An Interesting Thing That I’ve Often Had Conflicting Opinions On Is The Conflict Between ‘knowledge

An interesting thing that I’ve often had conflicting opinions on is the conflict between ‘knowledge needs to be applicable in real life for it to have any value’ and the opposite, ‘knowledge has an inherent value which is acquired through its possession’. I’ve always felt both were unjustifiable premises. Note the word used there - value. What does the word mean? Does it even mean anything? It is a term that fundamentally relies upon the importance the reader or writer places on varying subjects. Is it wise to try and reach an universal conclusion on this? Reason would say not, yet it is the philosopher’s aim to resolve the differences. How is one supposed to accept his thesis for or against one of these? Will not the degree of stress he places on places on matters such as utility and realism influence his reasoning and conjecture? And would it not be assuming a priori that the purpose crucial to him is one vital to a significant sect of the populace? What does an inference need to possess for it to be denounced as truth? Is a thing true in the same practice if it only applies to a specific few? What indeed is true? What is truth? Is it something that lies beyond the material?
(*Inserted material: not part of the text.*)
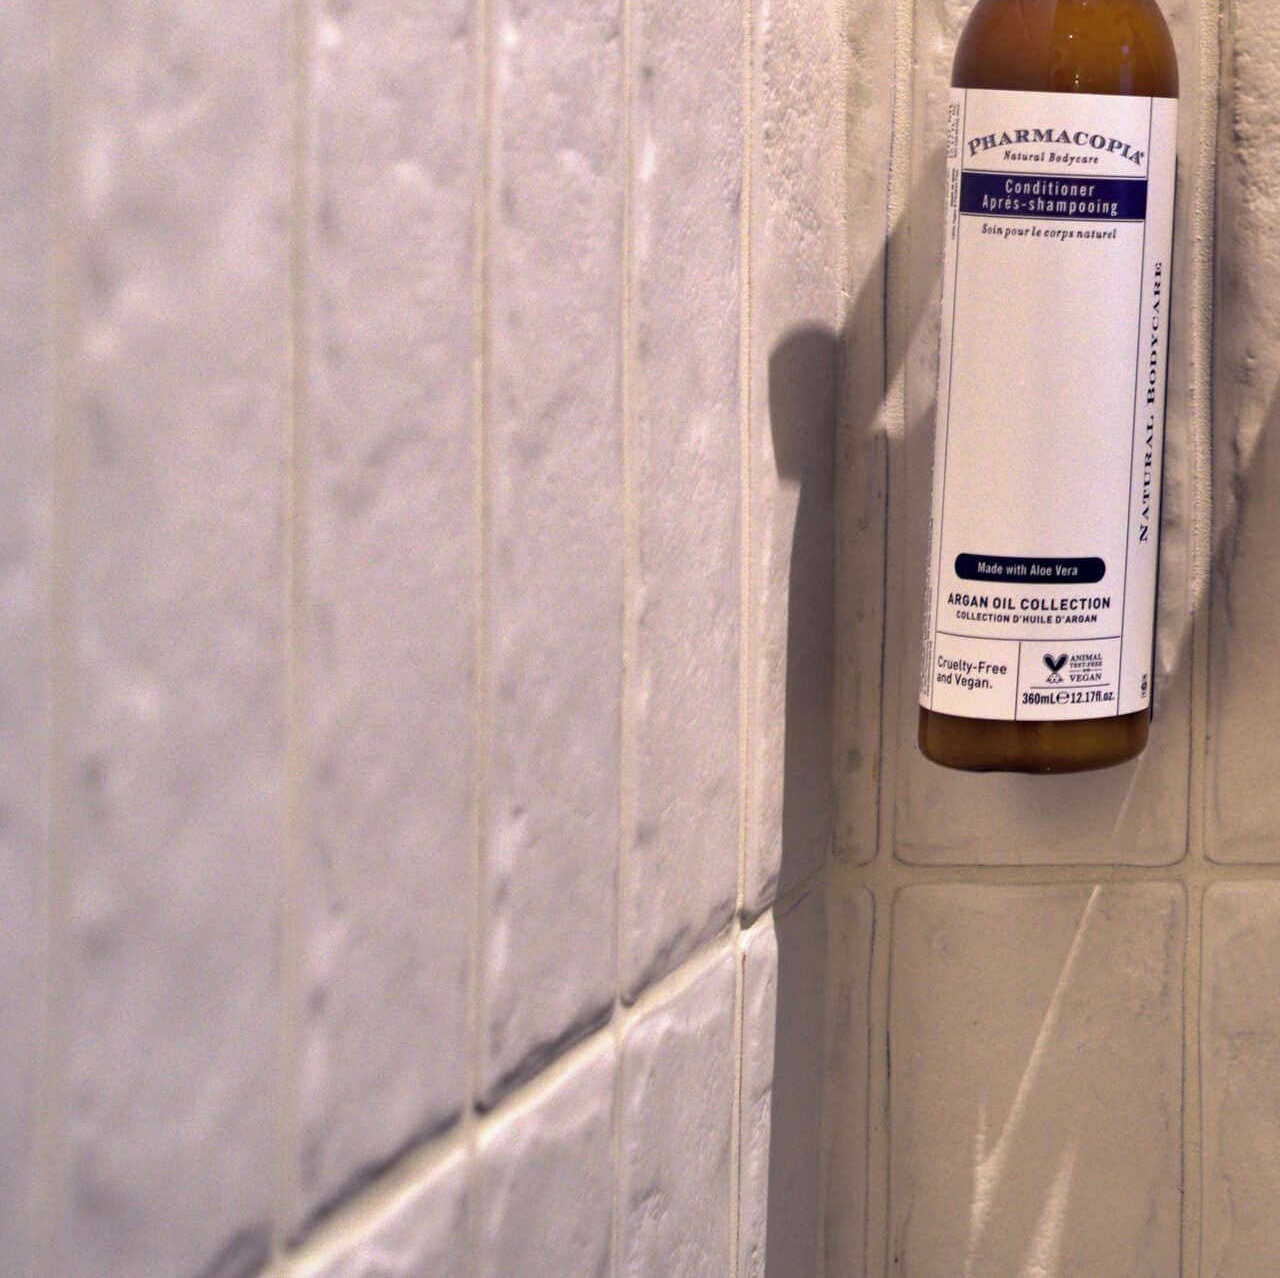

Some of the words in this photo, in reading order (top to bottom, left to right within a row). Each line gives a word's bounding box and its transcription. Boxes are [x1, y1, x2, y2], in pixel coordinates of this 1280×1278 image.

Perhaps as Nietzsche says, there is no thing that deserves the mantle of ‘truth’. We live briefly, with the knowledge that life is an arbitrary happening and distract ourselves from nihilistic dejection with the illusory hope of happiness and attempt to elevate our lives through awareness of the anthropological nature of things such as good and evil. What after all is there to live for? Does one really need a ‘why’ in order to find the ‘how’?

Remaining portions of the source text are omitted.